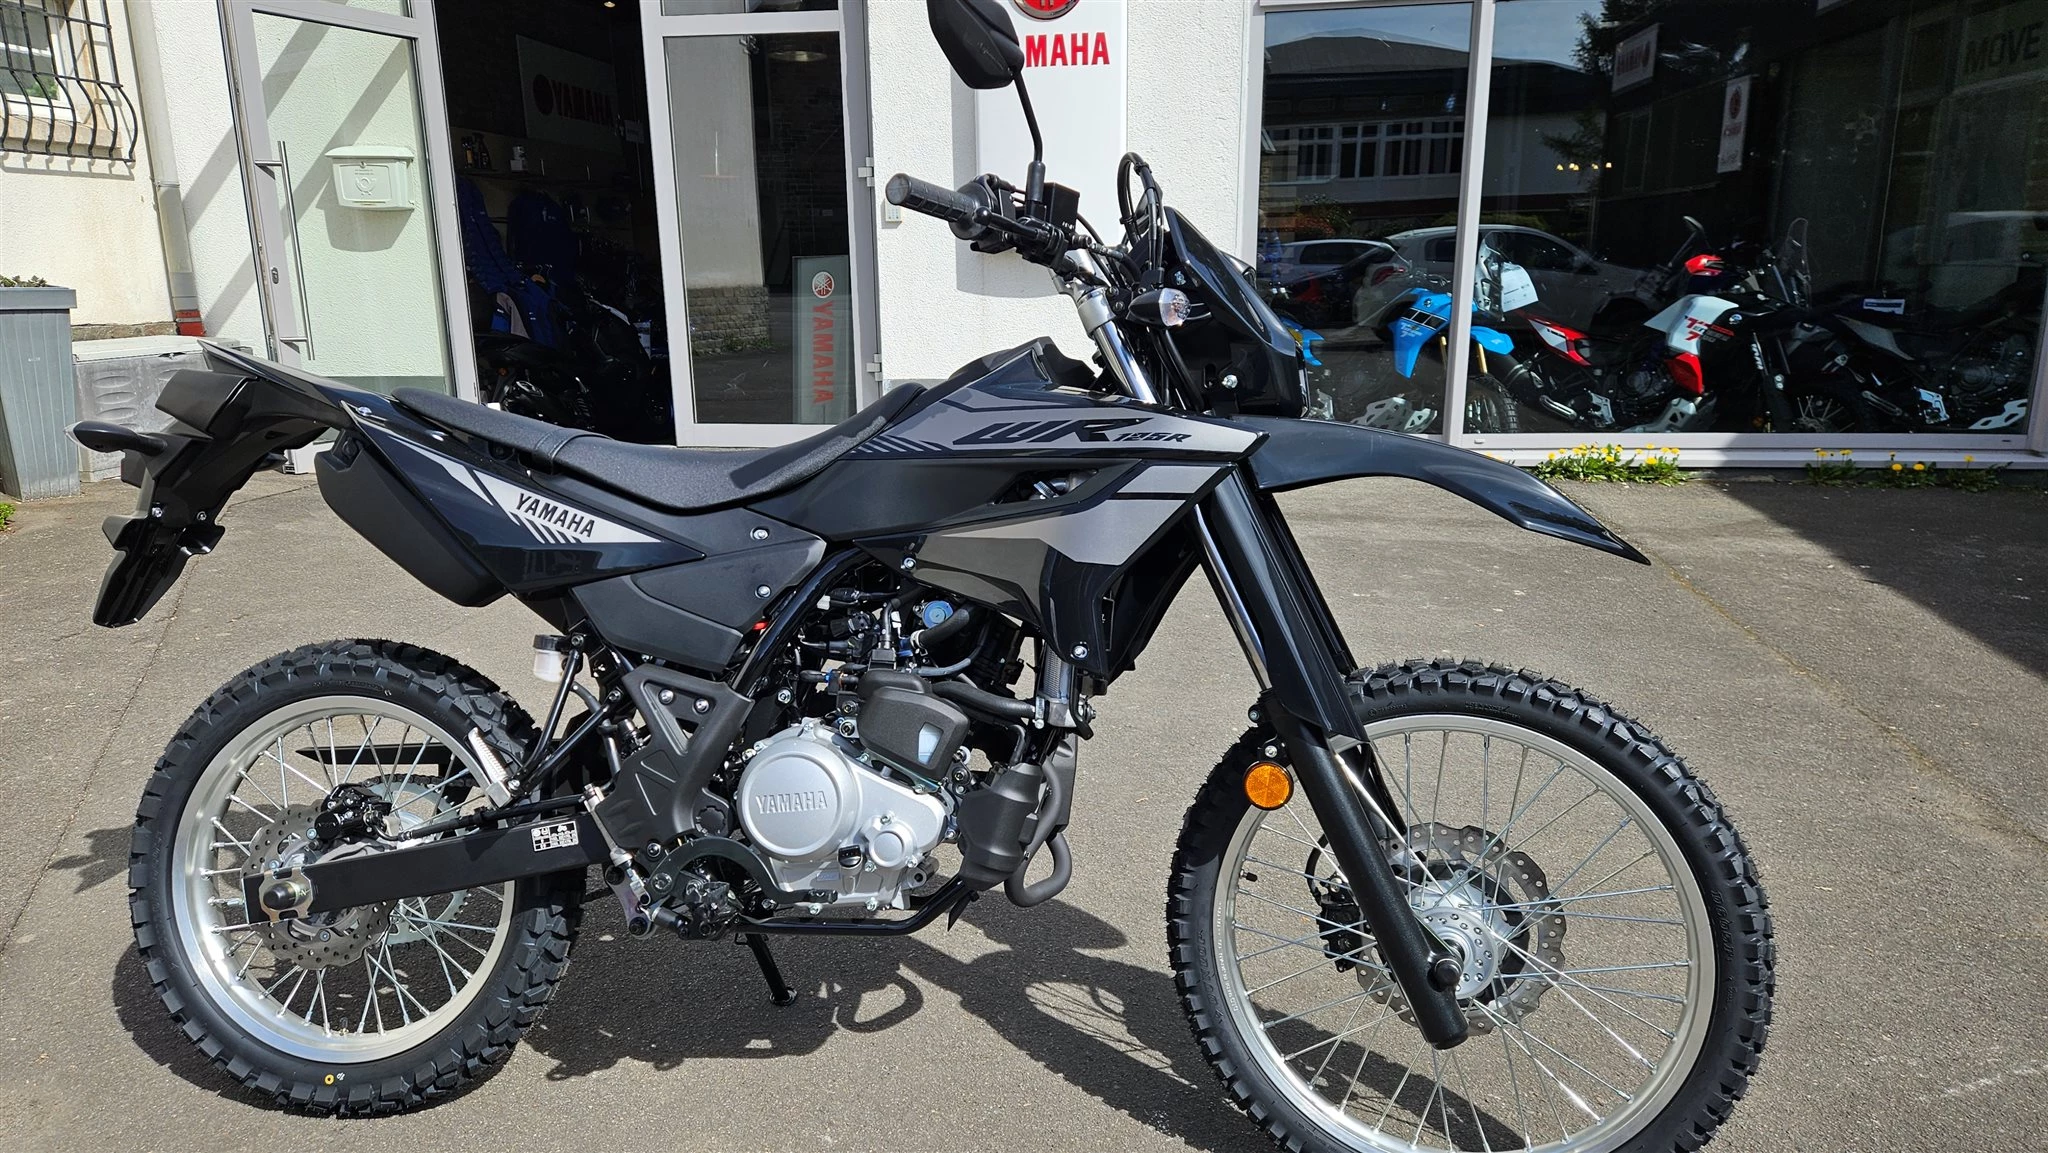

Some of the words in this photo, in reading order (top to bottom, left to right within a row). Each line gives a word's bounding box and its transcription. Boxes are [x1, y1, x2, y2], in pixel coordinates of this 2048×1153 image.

[1025, 31, 1110, 68] MAHA
[812, 300, 835, 404] YAMAHA
[952, 416, 1154, 446] WR
[1112, 431, 1192, 443] 125R
[516, 492, 595, 538] YAMAHA
[755, 790, 828, 815] YAMAHA

#### [Work order]
Above are records with pictures; repeat them exactly, but without the pictures.

#### [Result of this task]
Some of the words in this photo, in reading order (top to bottom, left to right within a row). Each line gives a word's bounding box and its transcription. Boxes are [x1, y1, x2, y2], in pixel coordinates of this 2048×1153 image.

[1025, 31, 1110, 68] MAHA
[812, 300, 835, 404] YAMAHA
[952, 416, 1154, 446] WR
[1112, 431, 1192, 443] 125R
[516, 492, 595, 538] YAMAHA
[755, 790, 828, 815] YAMAHA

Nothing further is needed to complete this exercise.